Provided records ->
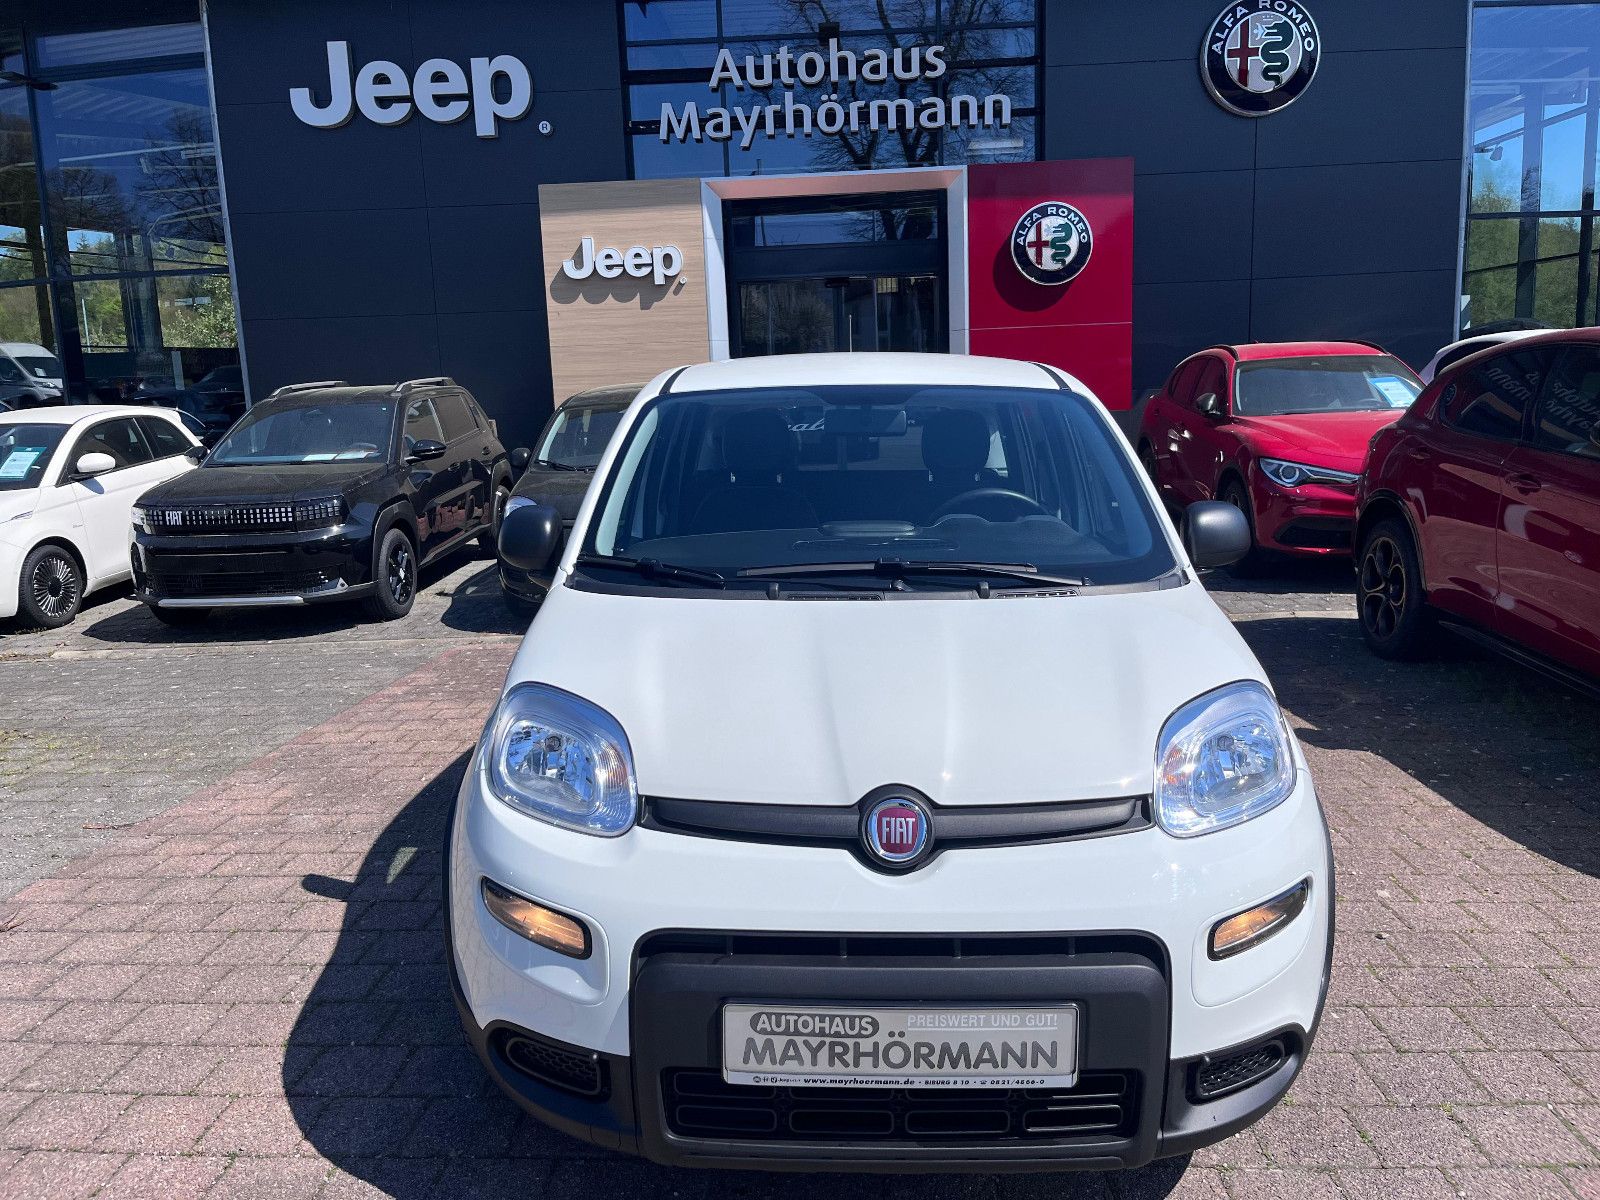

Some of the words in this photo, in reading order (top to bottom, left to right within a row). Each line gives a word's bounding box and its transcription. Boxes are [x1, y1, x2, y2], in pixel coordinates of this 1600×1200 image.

[1211, 5, 1249, 54] ALFA
[1259, 0, 1315, 52] ROMEO
[708, 37, 947, 89] Autohaus
[289, 40, 533, 138] Jeep
[659, 92, 1012, 148] Mayrhörmann
[1016, 212, 1041, 246] ALFA
[1047, 206, 1088, 243] ROMEO
[562, 236, 684, 285] Jeep
[165, 510, 182, 525] FIAT
[881, 816, 915, 844] FIAT
[756, 1013, 874, 1035] AUTOHAUS
[907, 1014, 986, 1027] PREISWERT
[991, 1014, 1021, 1027] UND
[1025, 1013, 1058, 1027] GUT!
[742, 1031, 1058, 1069] MAYRHÖRMANN
[803, 1077, 915, 1087] www.mayrhoermann.de
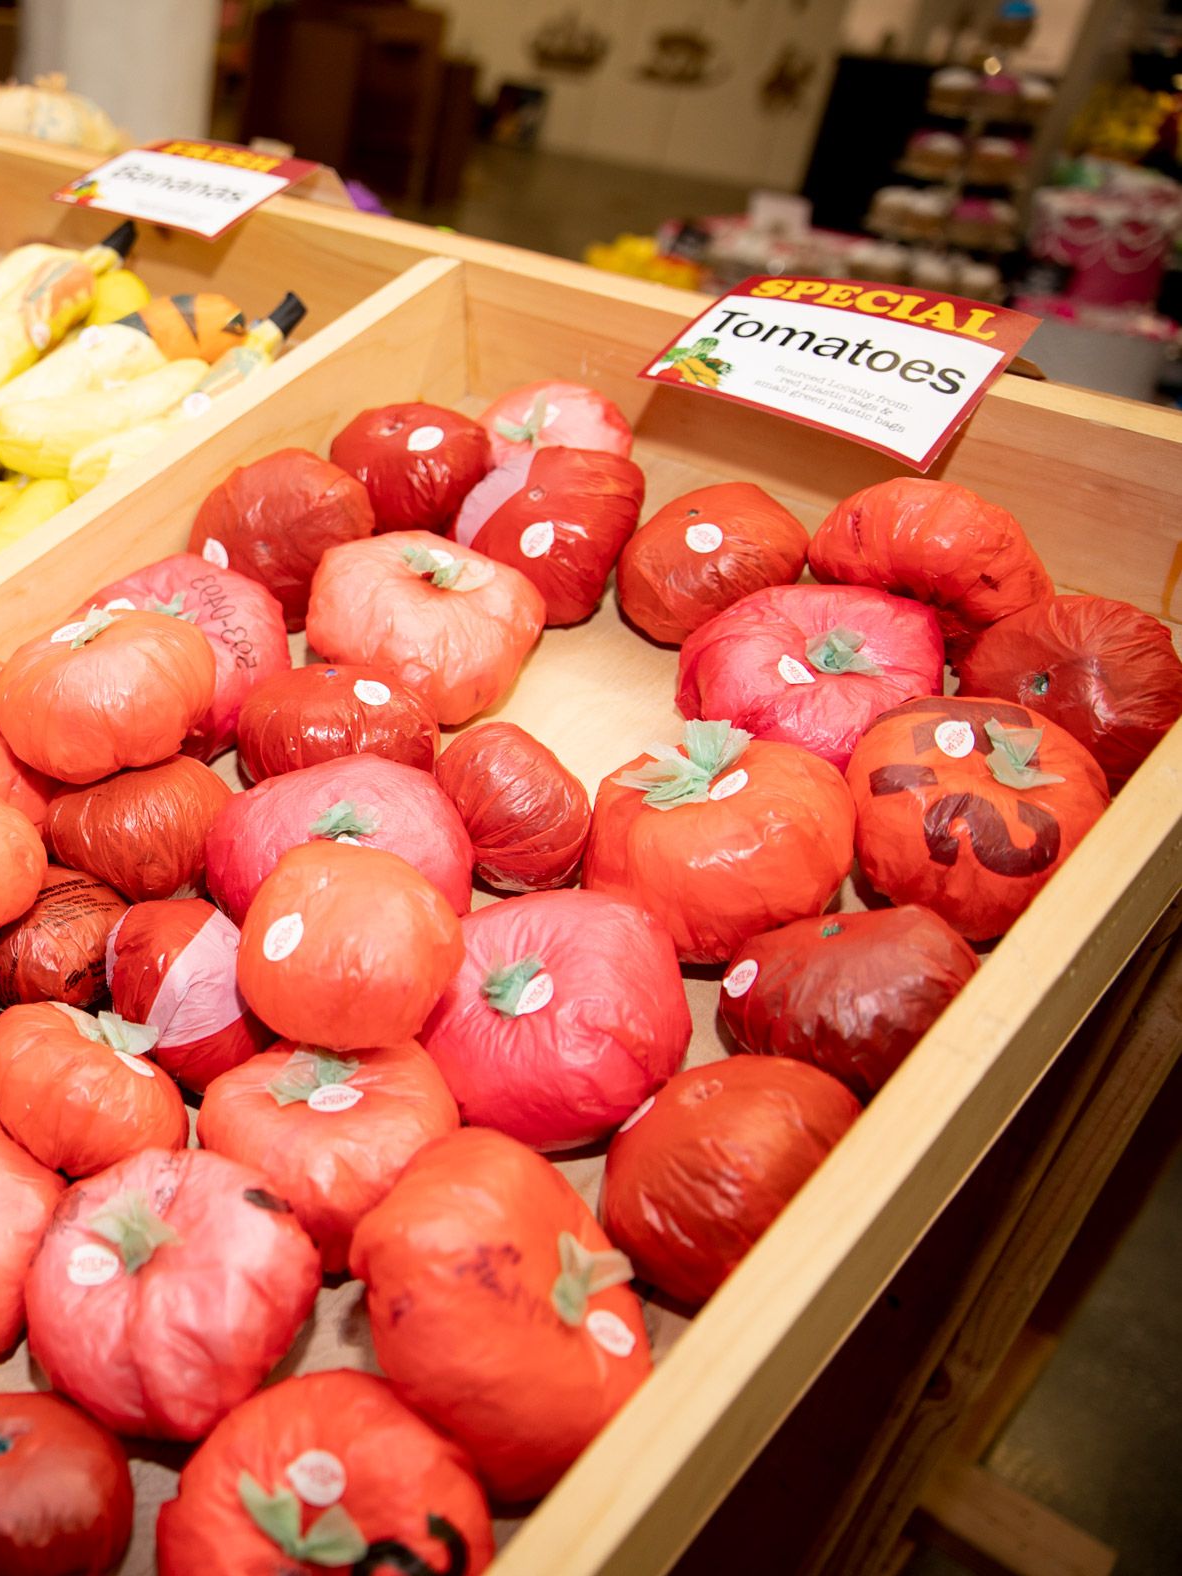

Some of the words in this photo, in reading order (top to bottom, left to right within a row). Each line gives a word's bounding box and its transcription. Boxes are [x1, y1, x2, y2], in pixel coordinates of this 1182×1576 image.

[110, 161, 243, 204] Bananas
[750, 278, 997, 341] SPECIAL
[712, 309, 968, 396] Tomatoes
[754, 378, 788, 394] small
[789, 388, 827, 406] green
[827, 400, 871, 421] plastic
[873, 414, 906, 434] bags
[804, 382, 845, 401] plastic
[848, 394, 878, 412] bags
[880, 406, 893, 416] &
[828, 378, 875, 399] Locally
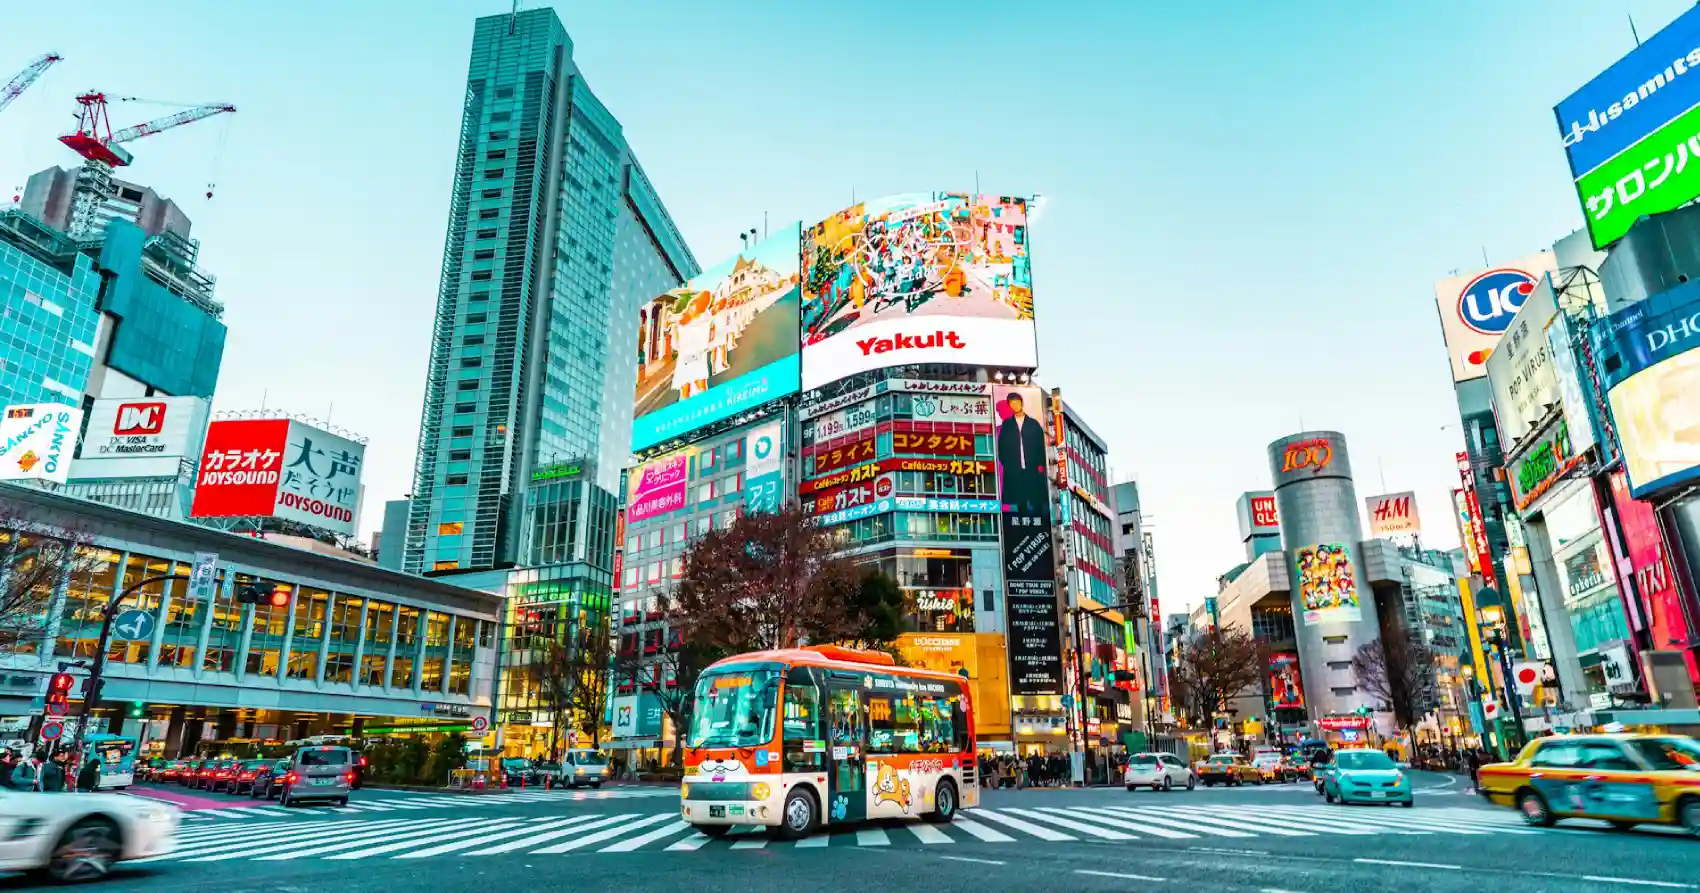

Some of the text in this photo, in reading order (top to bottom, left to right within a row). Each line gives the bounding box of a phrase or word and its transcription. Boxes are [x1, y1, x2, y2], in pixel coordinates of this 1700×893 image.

Task item ->
Retype the records exactly. Any image in them should not appear in what you write.

The answer ->
Some of the words in this photo, in reading order (top to bottom, left to right within a row). Each line gives a word's bounding box and its transcription. Boxes are [x1, y1, x2, y2], in pixel coordinates of this 1600×1200 image.

[1211, 5, 1249, 54] ALFA
[1259, 0, 1315, 52] ROMEO
[708, 37, 947, 89] Autohaus
[289, 40, 533, 138] Jeep
[659, 92, 1012, 148] Mayrhörmann
[1016, 212, 1041, 246] ALFA
[1047, 206, 1088, 243] ROMEO
[562, 236, 684, 285] Jeep
[165, 510, 182, 525] FIAT
[881, 816, 915, 844] FIAT
[756, 1013, 874, 1035] AUTOHAUS
[907, 1014, 986, 1027] PREISWERT
[991, 1014, 1021, 1027] UND
[1025, 1013, 1058, 1027] GUT!
[742, 1031, 1058, 1069] MAYRHÖRMANN
[803, 1077, 915, 1087] www.mayrhoermann.de

Some of the words in this photo, in reading order (top to bottom, left to right within a row). Each line gives a word's bounding box and its transcription. Boxes are [x1, y1, x2, y2], in pixel coordinates of this 1182×1576 image.

[110, 161, 243, 204] Bananas
[750, 278, 997, 341] SPECIAL
[712, 309, 968, 396] Tomatoes
[754, 378, 788, 394] small
[789, 388, 827, 406] green
[827, 400, 871, 421] plastic
[873, 414, 906, 434] bags
[804, 382, 845, 401] plastic
[848, 394, 878, 412] bags
[880, 406, 893, 416] &
[828, 378, 875, 399] Locally

Some of the text in this photo, in reading order (top to bottom, left to right within a row). Each line gives the bounding box of a phrase or word and its transcription. Boxes are [x1, y1, x2, y2], in pixel coordinates of this 1700×893 image.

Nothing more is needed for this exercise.